Day 95 Wallace Meadow to Onion Valley Trailhead

the mountains, they are coming

We had a long way to go today, I thought about going further last night but at 25 miles Mercedes, carrying a heavy pack, was getting tired and the campsite was so good.  It’s a good thing we did stop as the next water and campsite was another 4 miles and up on an exposed plateau, it was so cold anyway I’m glad we didn’t camp there.  The highlight of today’s ride was the crossing of Forester Pass, the highest spot, 13130 feet, on the PCT.  The climb was mild but steady until the last mile.  Coming up the valley I had ample time to examine the ridge ahead to determine where the pass might be.  Normally one can see a faint line of the trail on the hillside, but not Forester Pass.  I searched in vain as we slowly gained the last four miles to attack the last and steepest mile.

The campsite after the one I stayed at, it was still in the 20s and the wind was blowing when I went by around 9:00
I just don’t see the trail
It is noon, the water under the ice is moving pretty fast, it is cold out.
the views are good
I thought the trail might go over the shale saddle in the middle of the picture, but it went straight up the rocks to the left.
My back trail for the morning.

The trail switch backed up a rock face that I had eliminated as being too sheer.  By the time I got to where the route became obvious it was too late to do it photographic justice.  At first the trail was pretty good, there was the typical rock climbing and pit run footing but the trail was surprisingly wide.  The last quarter mile got a little dicier; the trail got narrower, steeper and the footing less sure.  The last little bit, couldn’t have been more than a couple hundred feet, though in the moment I thought it would go on forever, got crazy, teensy narrow trail, switchbacks so short and tight I wasn’t sure a horse could turn that sharp and there was only room for one horse before you were faced with the next turn which resulted in the BG and I on one switchback and Mercedes on the next one down, going the opposite direction.

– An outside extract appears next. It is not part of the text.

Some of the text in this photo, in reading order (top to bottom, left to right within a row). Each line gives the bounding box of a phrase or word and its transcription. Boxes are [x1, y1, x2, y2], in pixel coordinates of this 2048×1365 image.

I like trails like this, it is almost like having guard rails.
but soon enough the guardrails disappeared and so did everything but the pit run rock.
This is the last little bit over Forester Pass. There are six switchbacks on the rock face directly ahead.
The top of Forester where I waited for the hiker who would hand on to the sign

Just as I gained the top, which was a one horse length long knife’s edge, I saw a hiker almost to me coming from the opposite direction, so we stopped to wait until he saw us and we could formulate a passing strategy as the trail was too narrow for such a maneuver to be easy.  Fortunately he was a grizzled old veteran who willingly held on to the sign post, (yes there was a sign, this is a National Park after all, informing us that we were at the top as if a thousand foot drop in all directions wasn’t obvious enough) leaning over the abyss so that the girls and I could get by.  We chatted a few minutes about the trail, he warned of some snow I would have to cross, at least 20 feet wide.  I could see the patch he was talking about and was thinking it shouldn’t be a problem.

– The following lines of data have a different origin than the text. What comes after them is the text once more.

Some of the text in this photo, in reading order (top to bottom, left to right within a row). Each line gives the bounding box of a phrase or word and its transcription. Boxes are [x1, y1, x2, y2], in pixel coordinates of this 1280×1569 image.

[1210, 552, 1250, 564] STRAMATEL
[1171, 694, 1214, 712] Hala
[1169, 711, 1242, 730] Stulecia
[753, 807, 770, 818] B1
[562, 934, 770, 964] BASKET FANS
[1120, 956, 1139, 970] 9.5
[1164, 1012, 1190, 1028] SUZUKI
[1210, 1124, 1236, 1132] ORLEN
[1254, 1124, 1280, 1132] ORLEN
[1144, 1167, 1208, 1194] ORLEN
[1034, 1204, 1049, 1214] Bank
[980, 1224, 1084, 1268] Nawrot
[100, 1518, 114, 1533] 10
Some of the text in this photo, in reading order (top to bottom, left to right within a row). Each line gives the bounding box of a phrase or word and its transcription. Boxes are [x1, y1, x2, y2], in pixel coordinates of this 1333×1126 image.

The snow was left from last year and due to the low temperature was a solid bloc of ice.  It was only five or six feet of steep climb to get on top but the horses struggled to get traction and did some slipping before we got across.  Later there were some more short ice crossings, the last of which required the horse to hop up a three foot tall rock to regain the trail.  BG did ok, but Mercedes lost her footing and nearly fell over the side before she managed to scramble to her feet and back on the trail.  After that the rest of the day was anticlimactic.  We did enter the area where the views were fantastic; I finally felt I was in the Sierras.  Kersarge Pass is as beautiful as promised, making a good end to the day.

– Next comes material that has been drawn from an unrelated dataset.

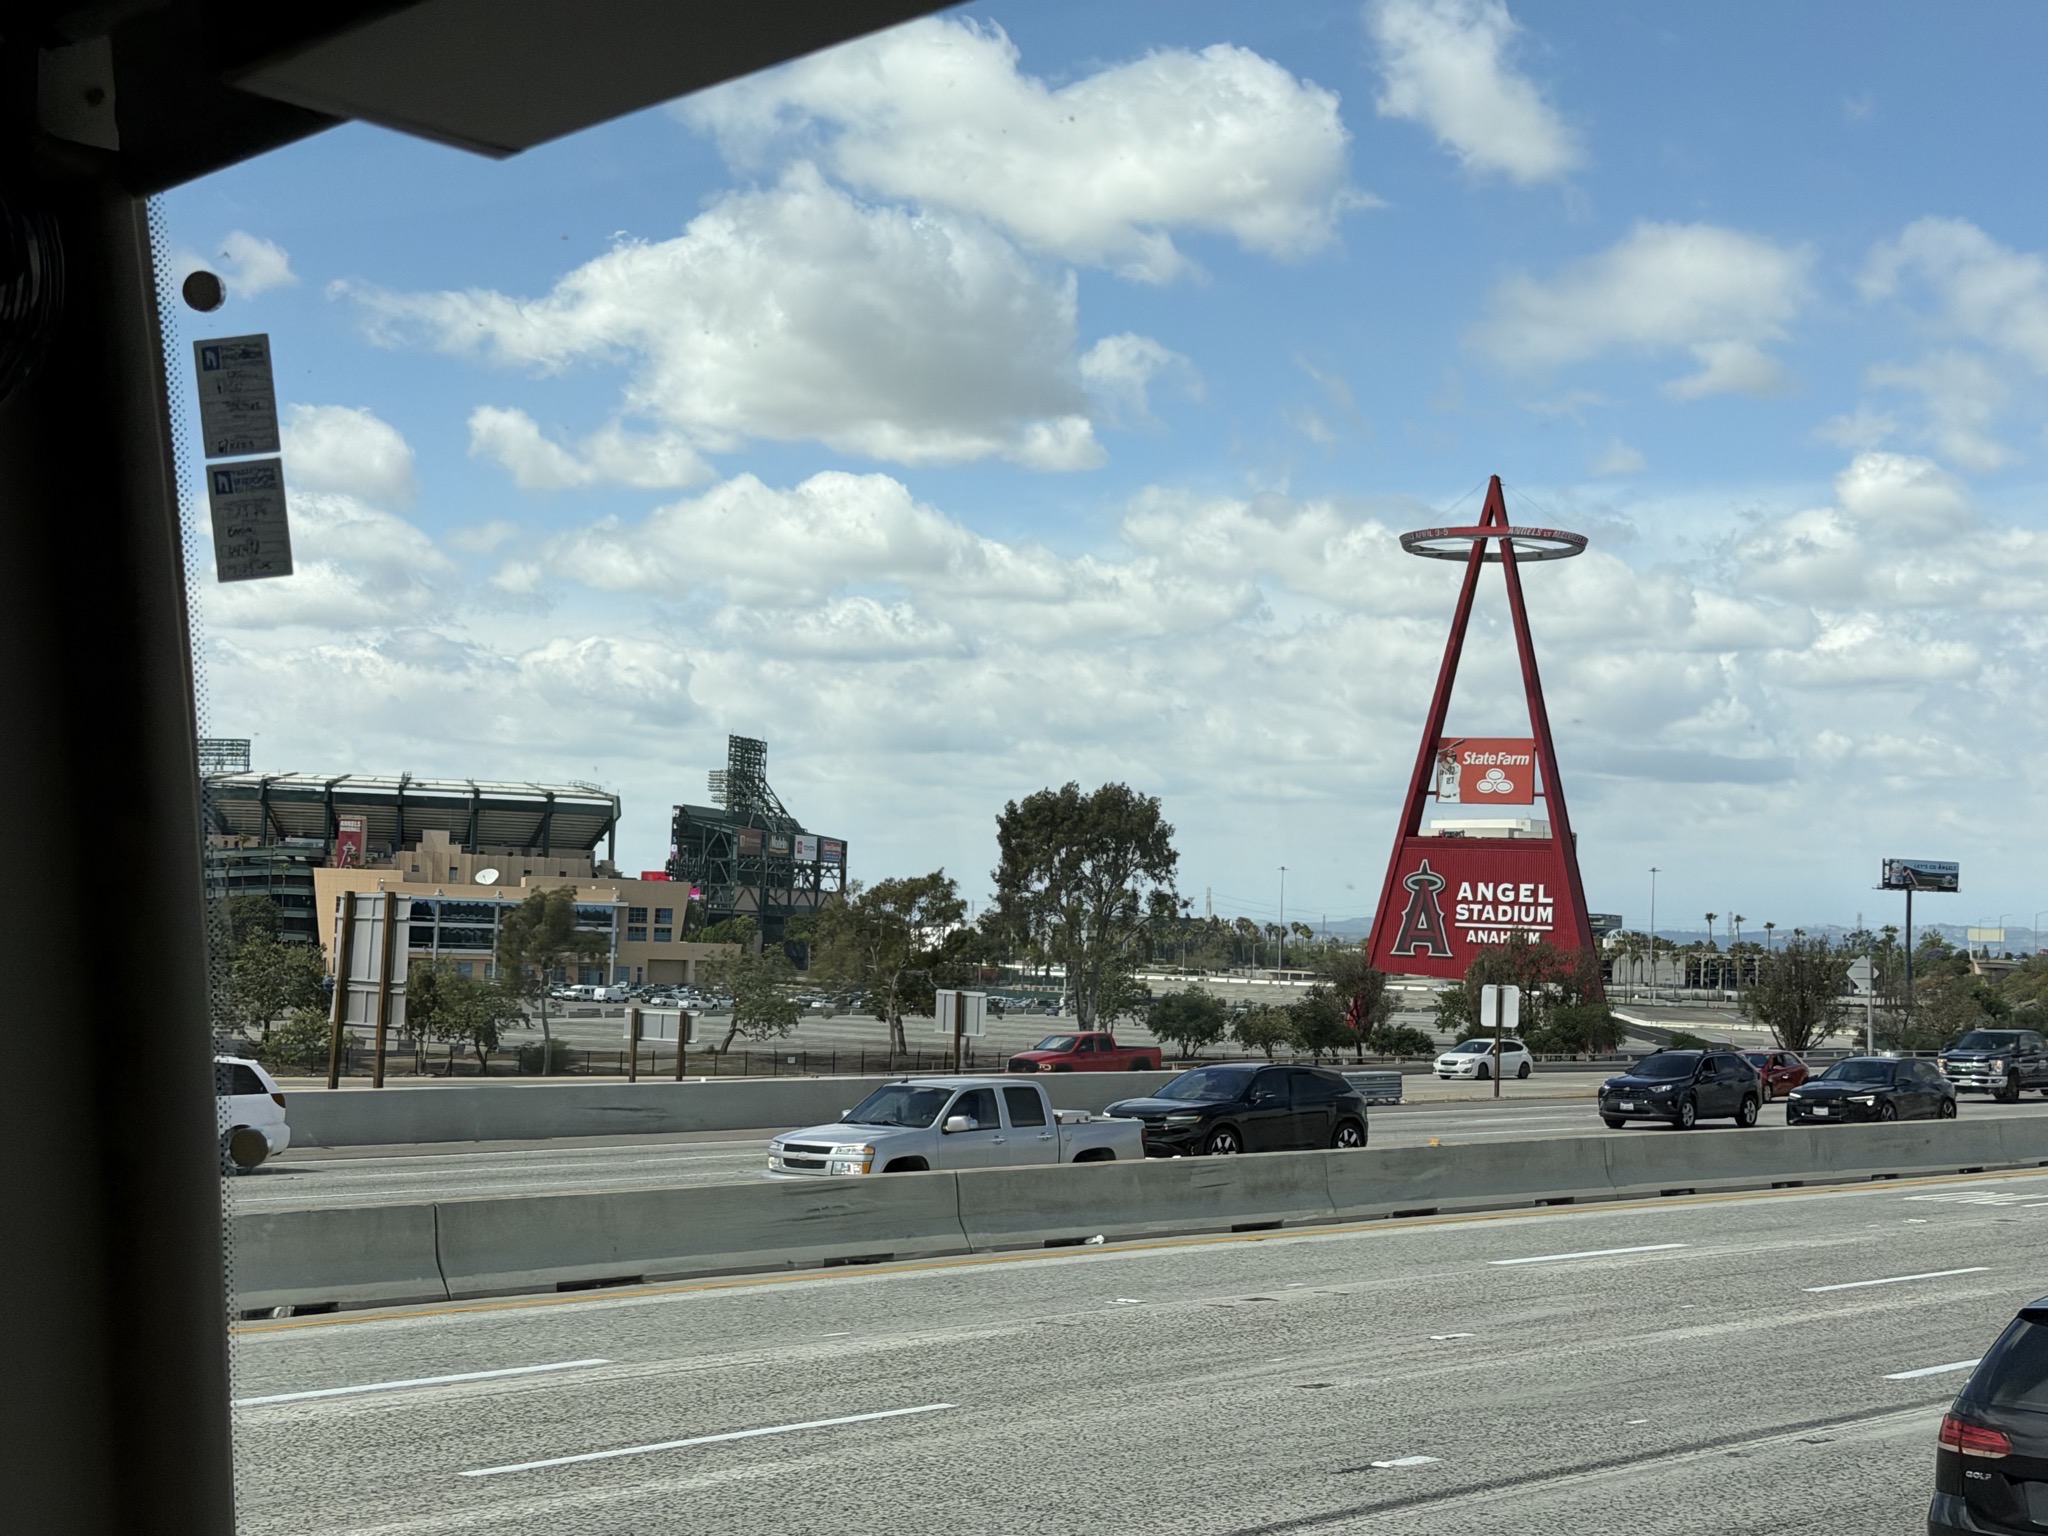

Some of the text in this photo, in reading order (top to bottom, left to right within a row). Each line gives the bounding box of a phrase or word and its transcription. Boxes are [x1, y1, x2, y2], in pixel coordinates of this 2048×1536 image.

The snow the hiker was warning me about is in the center of the picture, the crossing is almost all the way to the right side.  Not too challenging.
It does look a little worse up close, especially once I found it to be solid ice.
At least we didn’t have to go over every icy spot.
It is hard to tell where the pass is from this side too, it is just to the right of the center peak
This is the last ice we went over, nearly 2000 feet below Forester, and the one Mercedes slipped on as she hopped from the beat in foot holds to the rock trail in the center of the picture.
Easy traveling.
Kersarge Pass in the distance.
Views from the Kersarge Pass trail. Forester Pass is the sharp peak in the center of the picture.

Janis managed to set up at the packer station and make friends with the operators, Jim and
Barb Nivens, gaining some very valuable information from them.  They were pretty sure we were the first horses across Forester this year.  Due to the heavy snowfall last winter there is still a lot left in places.  The next pass for me to cross, Glenn Pass, is considered by the Forest Service impassible to stock this year, Jim concurred saying it would be foolish to try, something he and his surefooted mules wouldn’t attempt.  To make matters worse the next three passes that would take me around Glenn Pass, Sawmill, Taboose and Bishop Passes are also still snowed (read iced) in, or this spring’s floods washed the trail or road or some combination of the three.  The only trail Jim thought he would try would be Piute some 65 PCT miles north.  After Mercedes incident I saw firsthand how dangerous these ice crossings are, Janis and I have decided to take an experts advice and skip ahead.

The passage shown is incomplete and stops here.